Japanese professional golfer (born 1945)

Hisako "Chako" Higuchi (樋口久子, born 13 October 1945 in Kawagoe, Saitama) is a Japanese professional golfer.

Higuchi studied golf from Torakichi Nakamura, a member of Japan's winning team at the 1957 World Cup of Golf. She turned pro in 1967 and went on to win 69 titles on the LPGA of Japan Tour.

Higuchi won the LPGA Championship on 12 June 1977, making her the first Asian-born player to win a major championship for either men or women. (No Asian-born player would win a men's major until Yang Yong-eun won the 2009 PGA Championship.) She was 31 when she won her LPGA Championship. Alongside Ayako Okamoto, she dominated the 1970s and 1980s in Japanese women's golf.

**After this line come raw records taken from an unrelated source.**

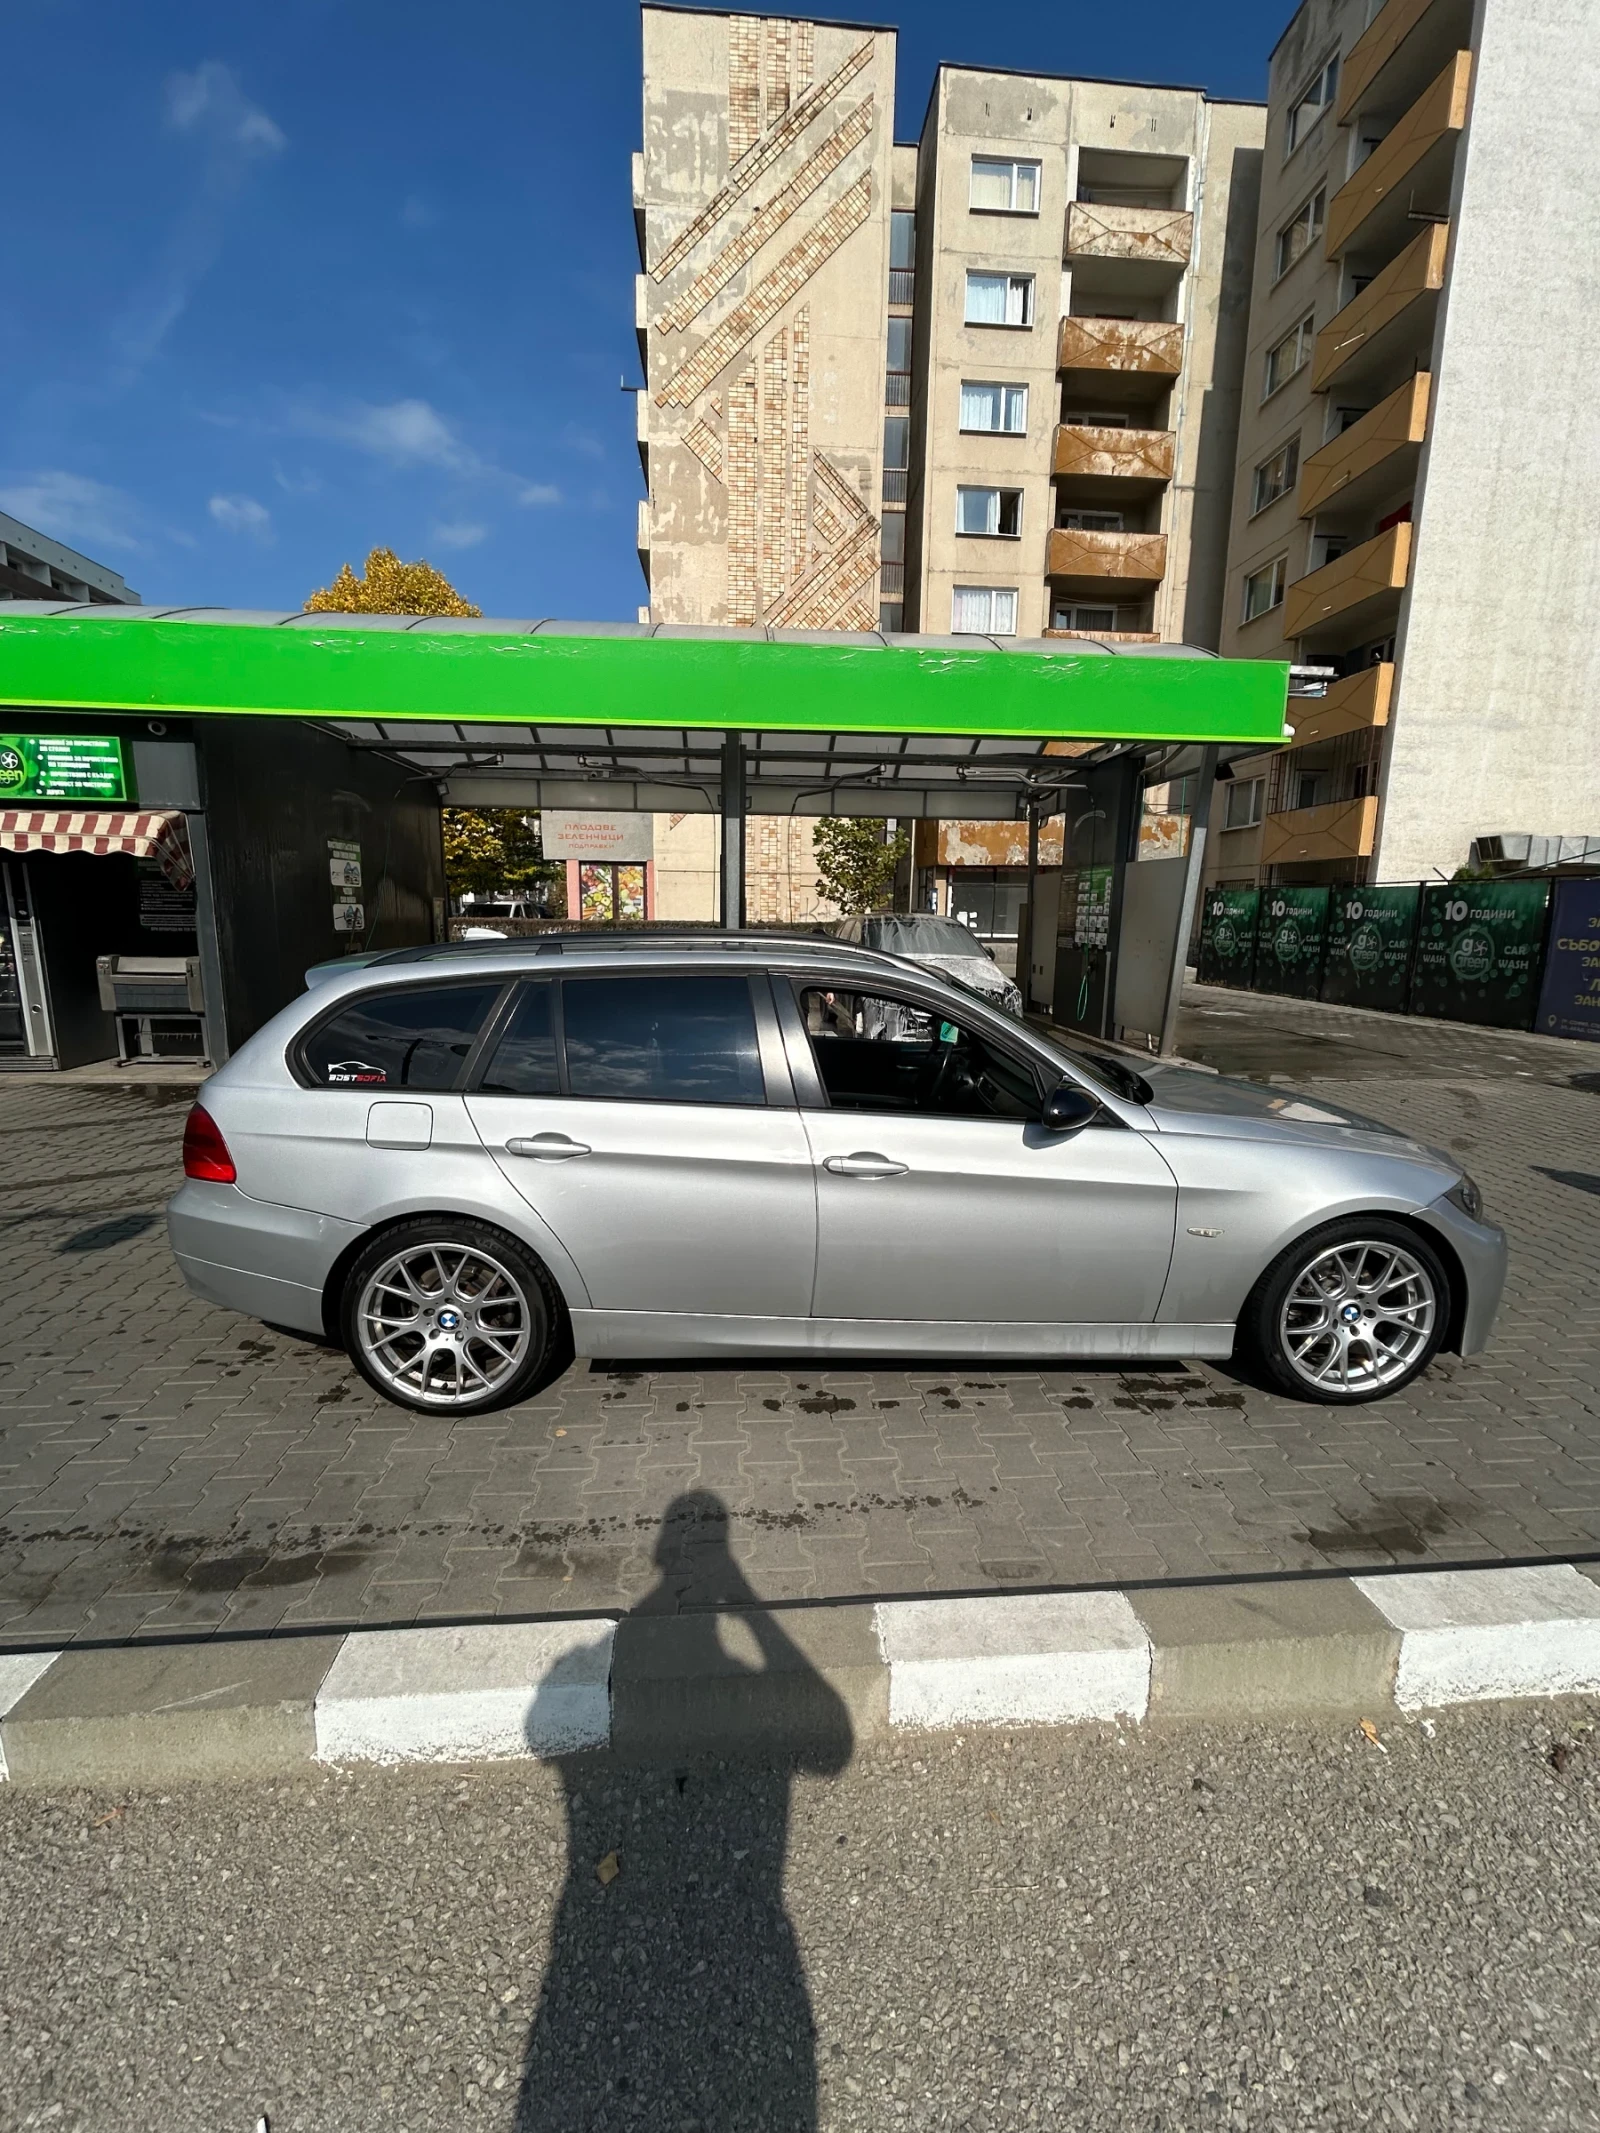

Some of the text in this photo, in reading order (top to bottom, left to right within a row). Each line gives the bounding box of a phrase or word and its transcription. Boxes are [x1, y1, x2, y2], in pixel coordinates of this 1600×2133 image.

[564, 823, 616, 831] ПЛОДОВЕ
[557, 833, 624, 841] ЗЕЛЕНЧУЦИ
[1213, 901, 1224, 916] 10
[1271, 900, 1286, 917] 10
[1346, 901, 1363, 919] 10
[1444, 900, 1468, 921] 10
[1303, 945, 1320, 953] WASH
[1388, 940, 1406, 948] CAR
[1427, 941, 1444, 951] CAR
[1504, 945, 1526, 955] CAR
[1384, 951, 1407, 960] WASH
[1423, 953, 1446, 963] WASH
[1498, 959, 1529, 970] WASH

Higuchi also won the Colgate European Open on the LPGA Tour and the Wills Australian Ladies Open on the ALPG Tour.

Higuchi became president of the LPGA of Japan Tour in 1996. In 2003, she became the first Japanese golfer to be inducted into the World Golf Hall of Fame.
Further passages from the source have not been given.